3. Results and discussion The obtained CDs with low toxicity and high fluorescence quantum yield of 32.25% were prepared via a facile hydrothermal approach with citric acids as the precursor. Then primary amino groups were modified onto the surface of CDs through a passivation process. The prepared fluorescence nanosensor (CDs@NH2) has showed a blue single-emission peak at 431 nm under the excitation wavelength of 337 nm. In the presence of TNT, the electron-deficient TNT and electron-rich primary amino groups on the surface of CDs would form the stable Meisenheimer complexes. And this kind of stable Meisenheimer complexes could be the acceptor to the CDs. The highest occupied molecular orbital (HOMO) of acceptor’s lone pair of electrons is between the HOMO and the lowest unoccupied molecular orbital (LUMO) of the fluorophore (CDs). After excited, the lone pair electron was transferred to the HOMO of the fluorophore, and thus the radioactive transitions of the fluorophore have been prevented, resulting in PET effect, and then caused the fluorescence quenching. The preparation route and sensing mechanism of the visual fluorescence sensor are shown in Fig. 1.

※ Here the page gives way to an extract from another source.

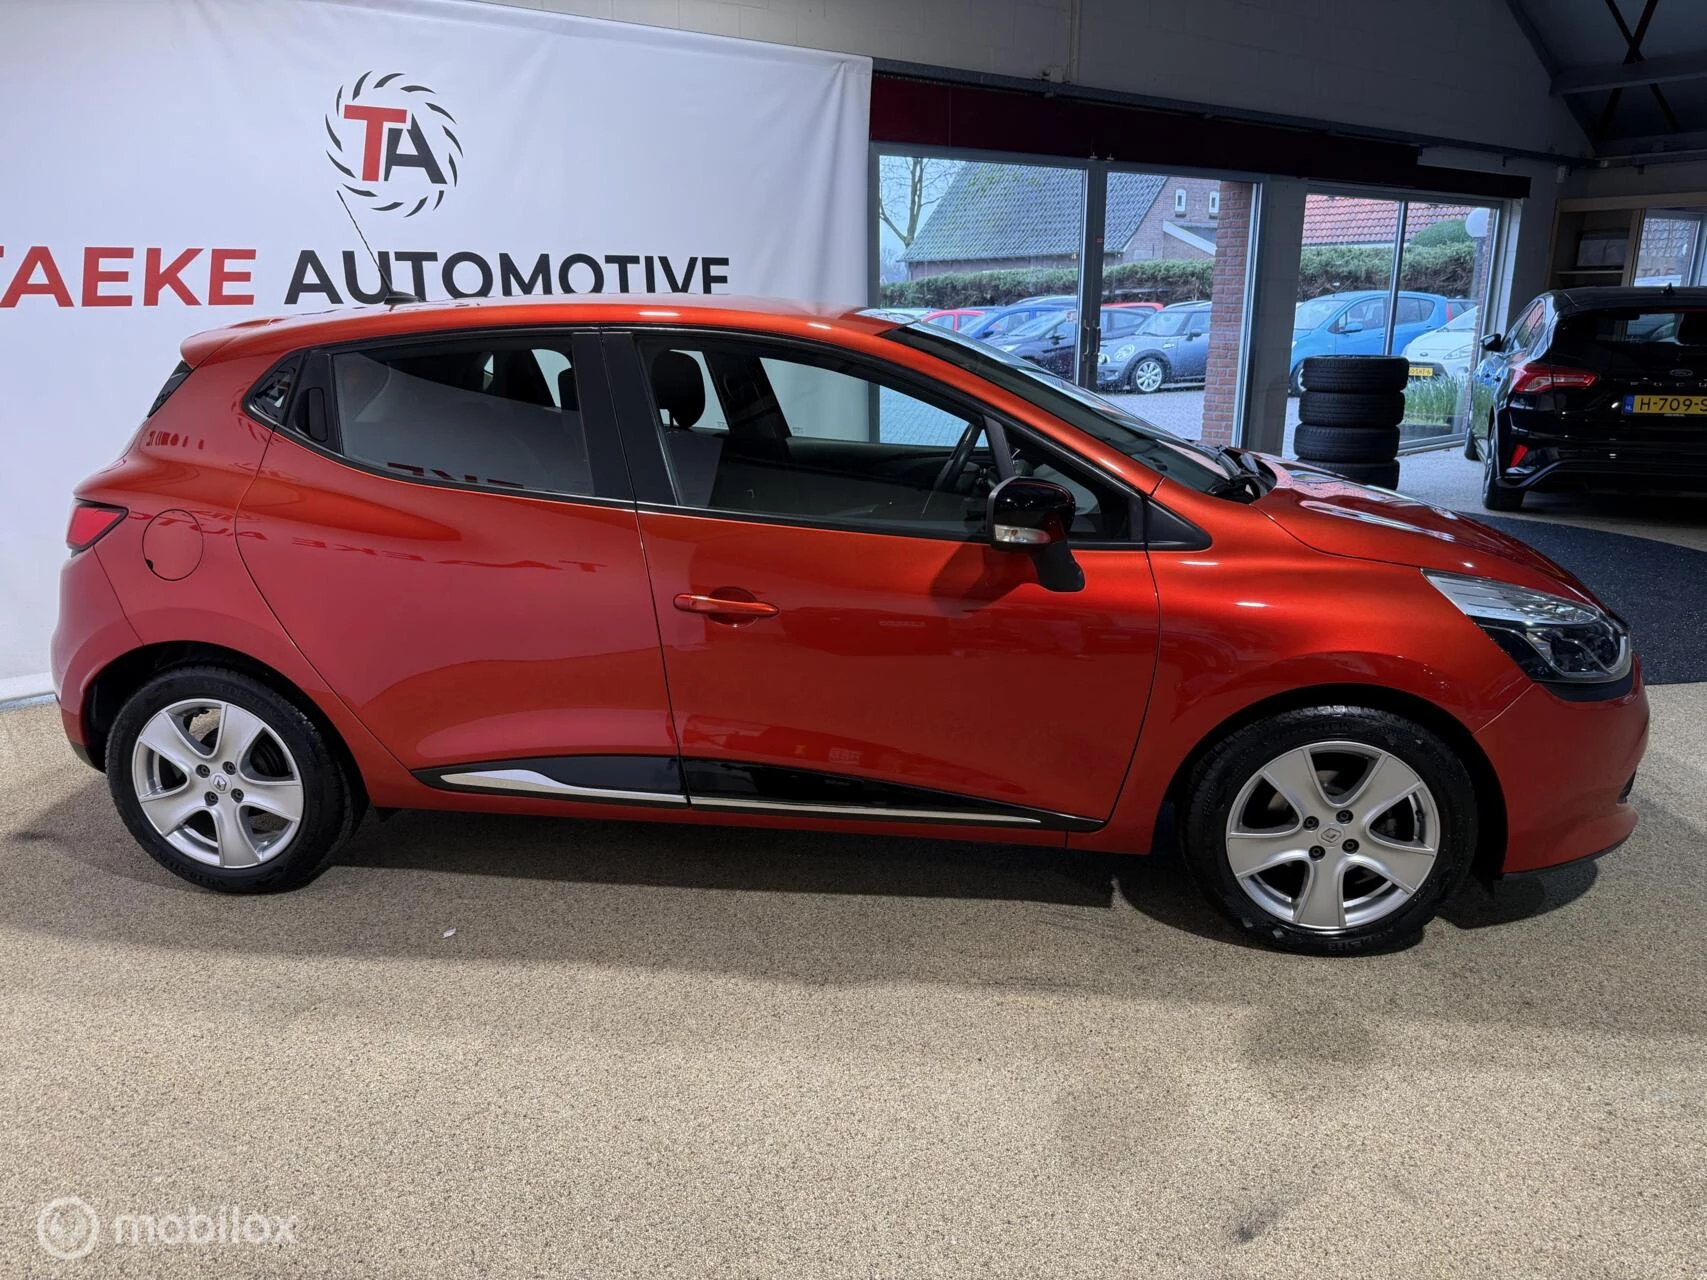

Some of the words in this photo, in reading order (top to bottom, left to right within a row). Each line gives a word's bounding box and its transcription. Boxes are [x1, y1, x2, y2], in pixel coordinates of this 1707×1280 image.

[344, 104, 447, 184] TA
[0, 246, 257, 308] AEKE
[284, 249, 730, 305] AUTOMOTIVE

3.1 Characterization of CDs@NH2 nanosensor XRD pattern of CDs@NH2 (Fig. 2a) showed that a peak appears in the range of 20 to 25o. The peak can be assigned to the (002) plane of graphite, indicating that the prepared nanosensor is amorphous. The functionalization and surface functional 10
groups of CDs and CDs@NH2 were characterized by FT-IR (Fig. 2b). In the spectrum of CDs, the peak at 3431.33 is the O-H stretching vibration peak, and the peak at 1698.06 can be assigned to the C=O stretching vibration. Compared with CDs, the characteristic peaks at 3188.74 and 3139.50 for the spectrum of CDs@NH2 can be assigned to the N-H functional groups, indicating that primary amino groups have been decorated on the CDs successfully. The size and morphology of CDs@NH2 were characterized by TEM, as shown in Fig. 2c. TEM image shows that the CDs@NH2 is of with narrow size (below 10 nm) and a spherical morphology. CDs@NH2 solution was diluted to suitable concentration to be characterized by Zeta potential (Fig.2d). The average size of CDs@NH2 ranges from 1 to 9 nm, the majority of particles in the 4 nm, which was consistent with the TEM images. The ζ potential of CDs@NH2 in aqueous media was also determined as +2.38 mV, which indicates that there are many positive charges on the CDs owing to the existence of primary amino groups. Due to these positive charges, electrostatic repulsion appeared between each CDs nanoparticles, which led to the great dispersibility in solution and it can be further used for detection in aqueous media.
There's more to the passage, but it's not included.